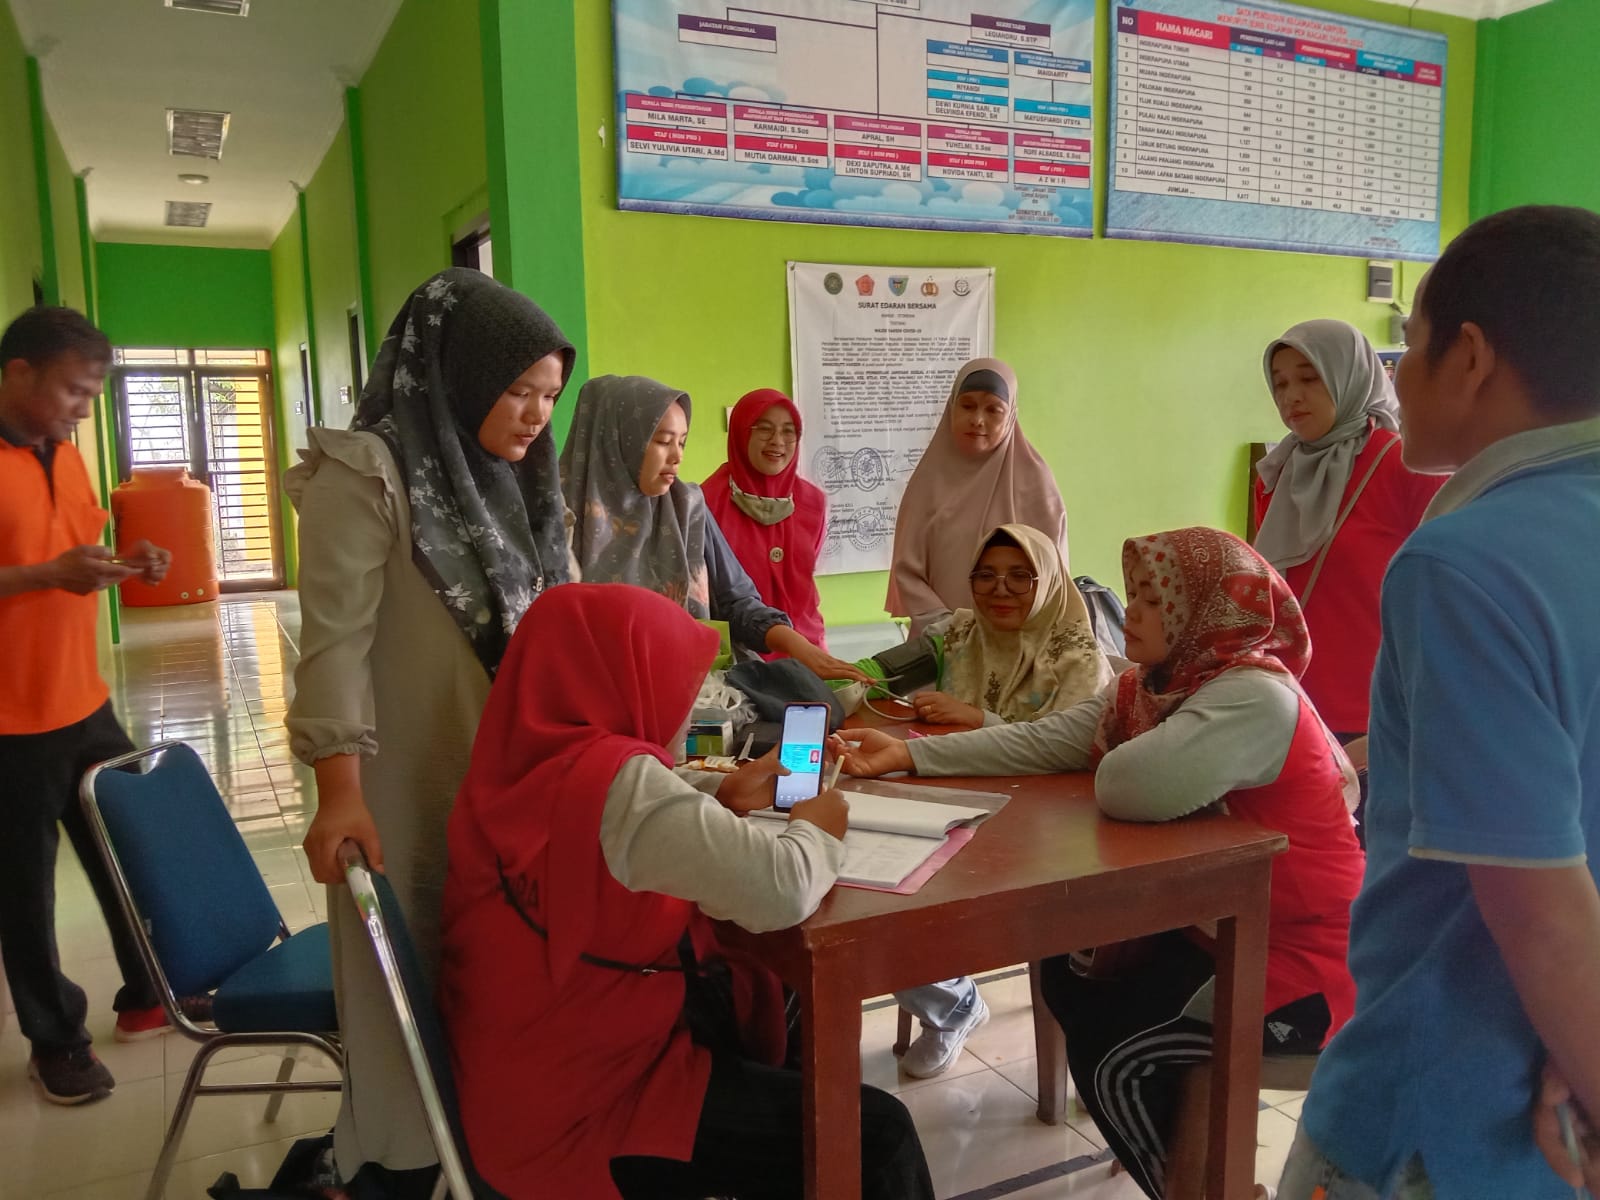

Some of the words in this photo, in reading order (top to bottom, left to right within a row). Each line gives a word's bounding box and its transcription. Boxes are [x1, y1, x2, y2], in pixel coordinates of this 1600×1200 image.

[1122, 16, 1134, 25] NO
[1155, 22, 1182, 34] NAMA
[1182, 26, 1213, 40] NAGARI
[647, 112, 666, 120] MILA
[652, 144, 680, 153] YULIVIA
[744, 151, 767, 159] MUTIA
[845, 167, 869, 175] LINTON
[942, 168, 965, 176] NOVIDA
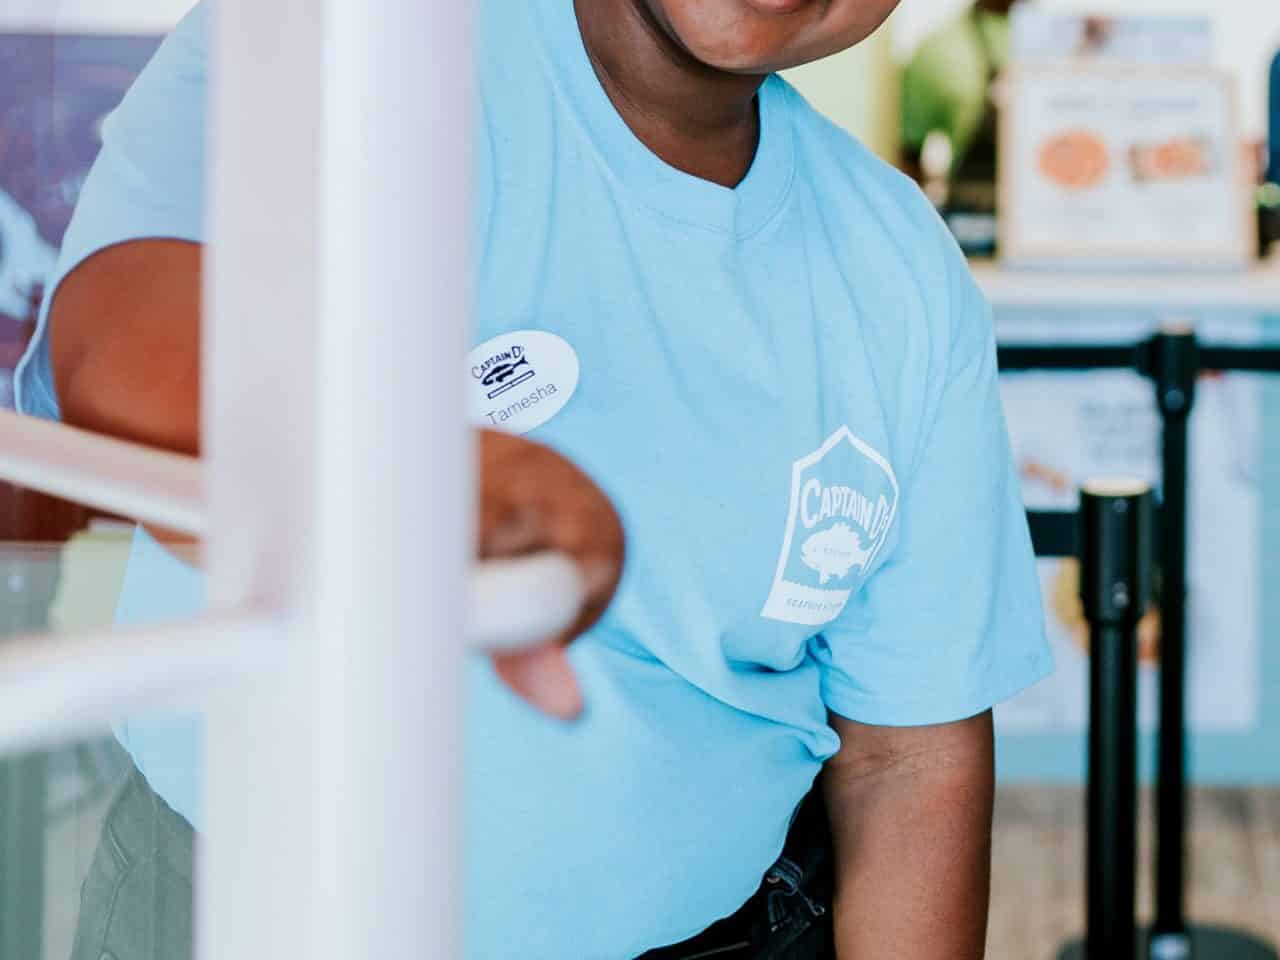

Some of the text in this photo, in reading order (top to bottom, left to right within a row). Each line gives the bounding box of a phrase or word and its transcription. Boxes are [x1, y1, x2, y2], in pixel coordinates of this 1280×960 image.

[471, 351, 512, 380] CAPTAIN
[485, 383, 558, 425] Tamesha
[800, 478, 874, 531] CAPTAIN
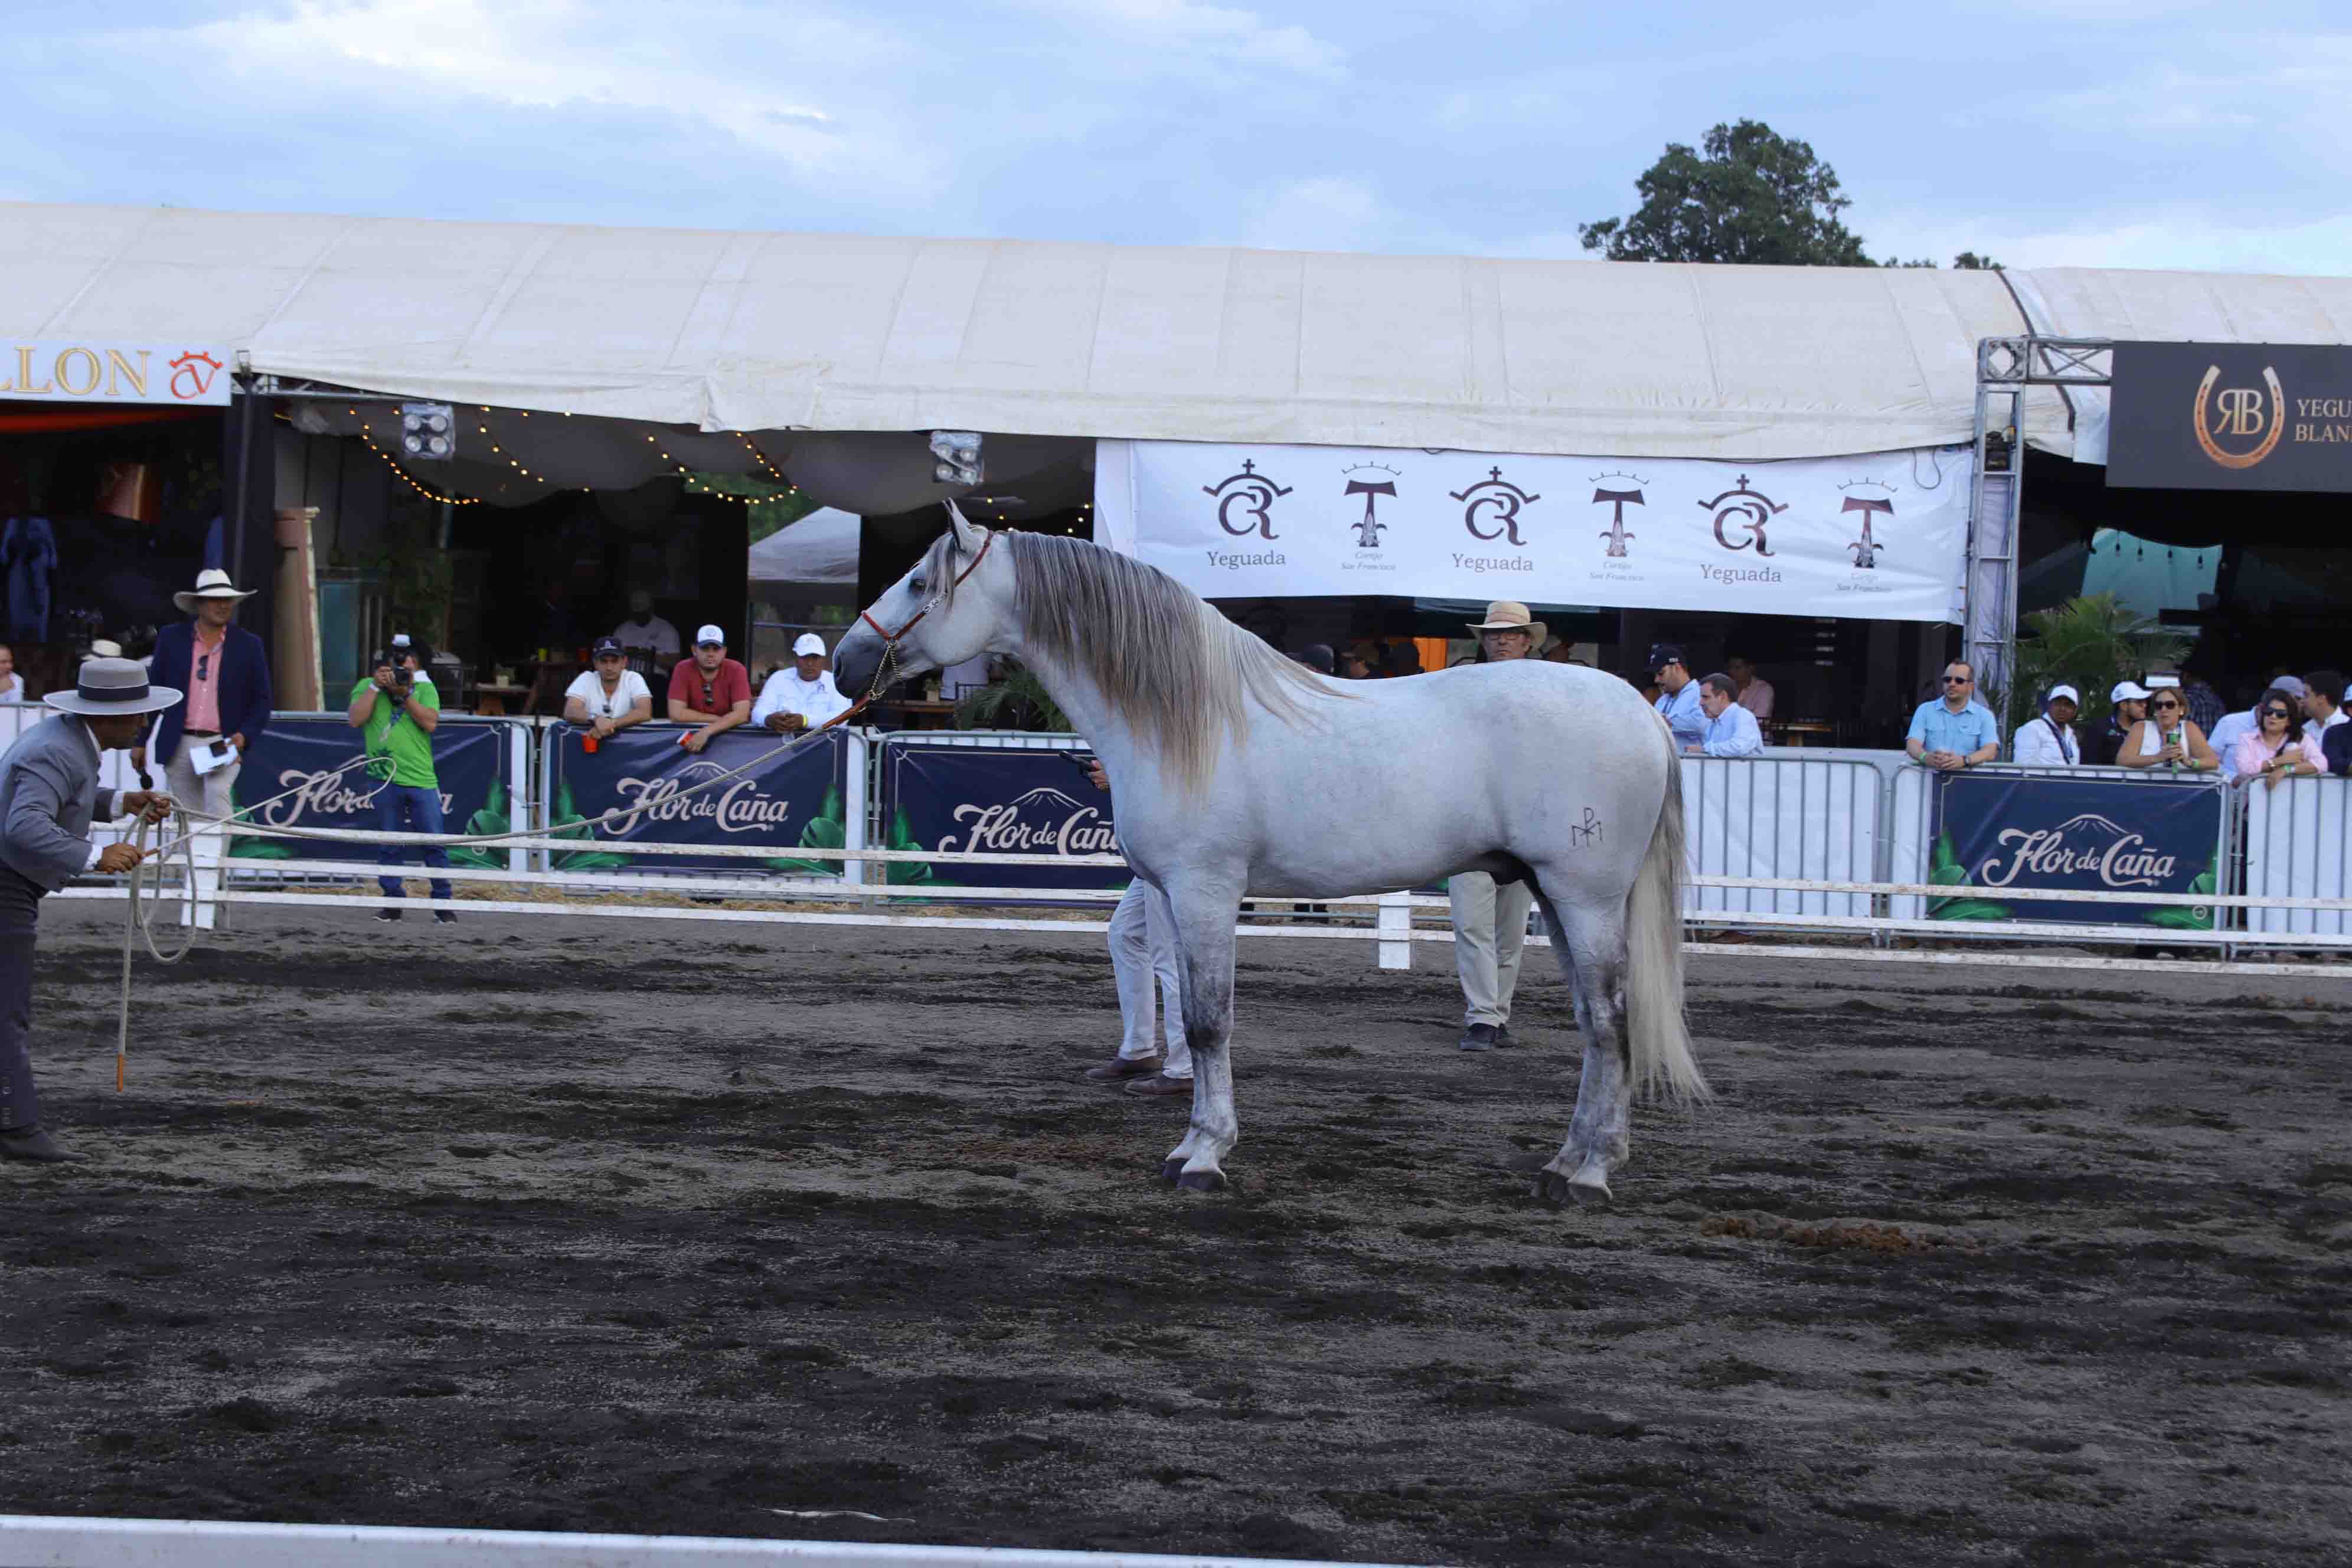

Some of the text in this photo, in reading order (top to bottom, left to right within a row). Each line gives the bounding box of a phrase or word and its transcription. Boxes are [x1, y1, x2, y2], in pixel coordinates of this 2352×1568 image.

[0, 345, 152, 397] LON
[1207, 549, 1286, 570] Yeguada
[1452, 553, 1534, 573] Yeguada
[1700, 564, 1782, 584] Yeguada
[602, 778, 789, 835] Flor de Caña
[937, 803, 1032, 855] Flor
[1033, 821, 1057, 845] de
[1982, 828, 2176, 887] Flor de Caña
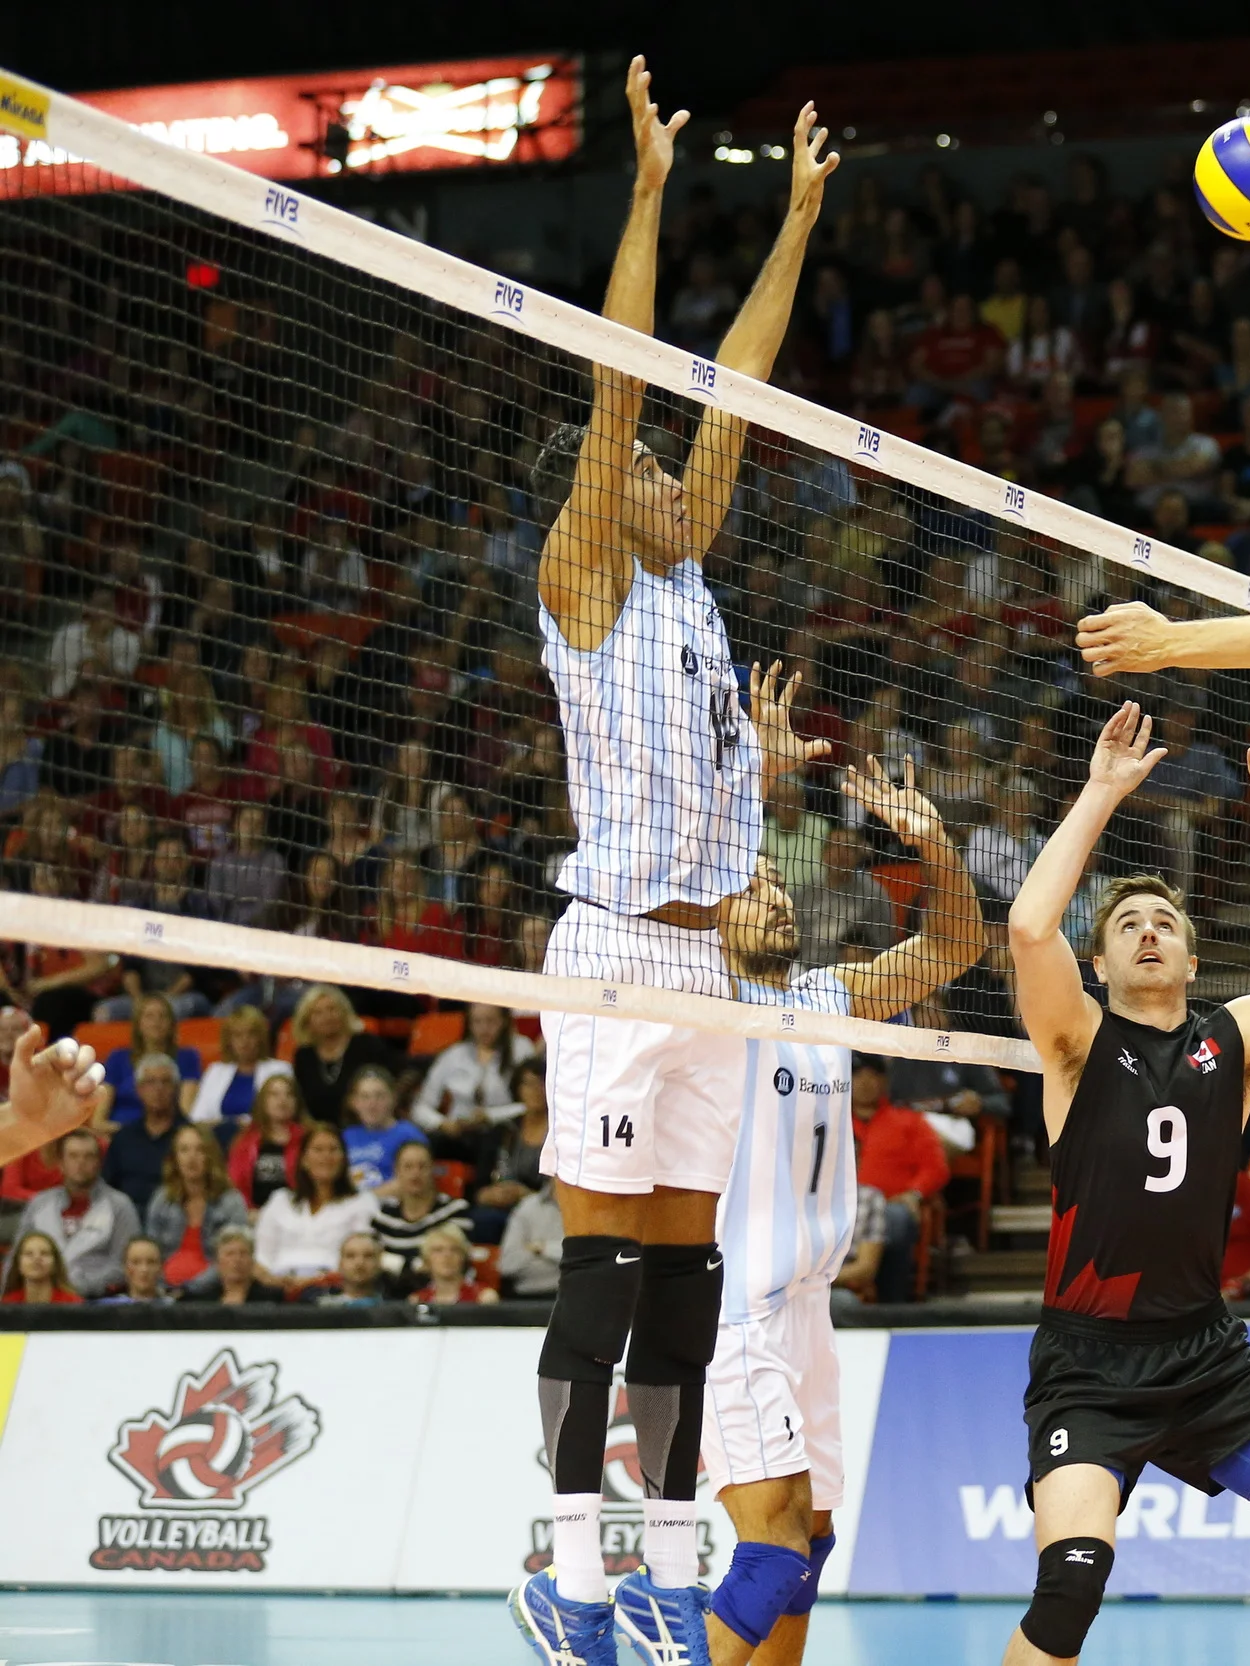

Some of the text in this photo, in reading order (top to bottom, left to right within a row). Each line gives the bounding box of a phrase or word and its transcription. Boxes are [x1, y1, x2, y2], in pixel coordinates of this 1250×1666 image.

[265, 188, 299, 222] FIVB
[494, 281, 524, 312] FIVB
[691, 360, 716, 388] FIVB
[857, 426, 881, 452] FIVB
[1005, 486, 1025, 509] FIVB
[1133, 538, 1151, 559] FIVB
[393, 960, 409, 976] FIVB
[602, 989, 617, 1002] FIVB
[781, 1013, 795, 1027] FIVB
[936, 1035, 950, 1048] FIVB
[799, 1078, 830, 1095] Banco
[600, 1114, 635, 1147] 14
[810, 1122, 826, 1193] 1
[1144, 1105, 1188, 1193] 9
[1050, 1427, 1069, 1457] 9
[102, 1518, 269, 1549] VOLLEYBALL
[92, 1549, 264, 1571] CANADA
● ● ● ●
**TASK TO COMPLETE:**
Each line above gets copied exactly; leave the pictures out.

**ANSWER BELOW:**
Some of the words in this photo, in reading order (top to bottom, left to right within a row). Each line gives a word's bounding box and its transcription. Boxes are [x1, y1, x2, y2], in pixel coordinates of this 1600×1200 image.

[1122, 16, 1134, 25] NO
[1155, 22, 1182, 34] NAMA
[1182, 26, 1213, 40] NAGARI
[647, 112, 666, 120] MILA
[652, 144, 680, 153] YULIVIA
[744, 151, 767, 159] MUTIA
[845, 167, 869, 175] LINTON
[942, 168, 965, 176] NOVIDA

Some of the text in this photo, in reading order (top to bottom, left to right within a row). Each line gives the bounding box of a phrase or word and its transcription. Boxes are [x1, y1, x2, y2], in pixel coordinates of this 1280×960 image.

[471, 351, 512, 380] CAPTAIN
[485, 383, 558, 425] Tamesha
[800, 478, 874, 531] CAPTAIN

Some of the text in this photo, in reading order (top to bottom, left to right within a row). Each line gives the bounding box of a phrase or word and its transcription. Boxes are [x1, y1, x2, y2], in pixel coordinates of this 2352×1568 image.

[0, 345, 152, 397] LON
[1207, 549, 1286, 570] Yeguada
[1452, 553, 1534, 573] Yeguada
[1700, 564, 1782, 584] Yeguada
[602, 778, 789, 835] Flor de Caña
[937, 803, 1032, 855] Flor
[1033, 821, 1057, 845] de
[1982, 828, 2176, 887] Flor de Caña

Some of the text in this photo, in reading order (top to bottom, left to right within a row). Each line gives the bounding box of a phrase or word and its transcription. Boxes are [x1, y1, x2, y2], in pixel coordinates of this 1250×1666 image.

[265, 188, 299, 222] FIVB
[494, 281, 524, 312] FIVB
[691, 360, 716, 388] FIVB
[857, 426, 881, 452] FIVB
[1005, 486, 1025, 509] FIVB
[1133, 538, 1151, 559] FIVB
[393, 960, 409, 976] FIVB
[602, 989, 617, 1002] FIVB
[781, 1013, 795, 1027] FIVB
[936, 1035, 950, 1048] FIVB
[799, 1078, 830, 1095] Banco
[600, 1114, 635, 1147] 14
[810, 1122, 826, 1193] 1
[1144, 1105, 1188, 1193] 9
[1050, 1427, 1069, 1457] 9
[102, 1518, 269, 1549] VOLLEYBALL
[92, 1549, 264, 1571] CANADA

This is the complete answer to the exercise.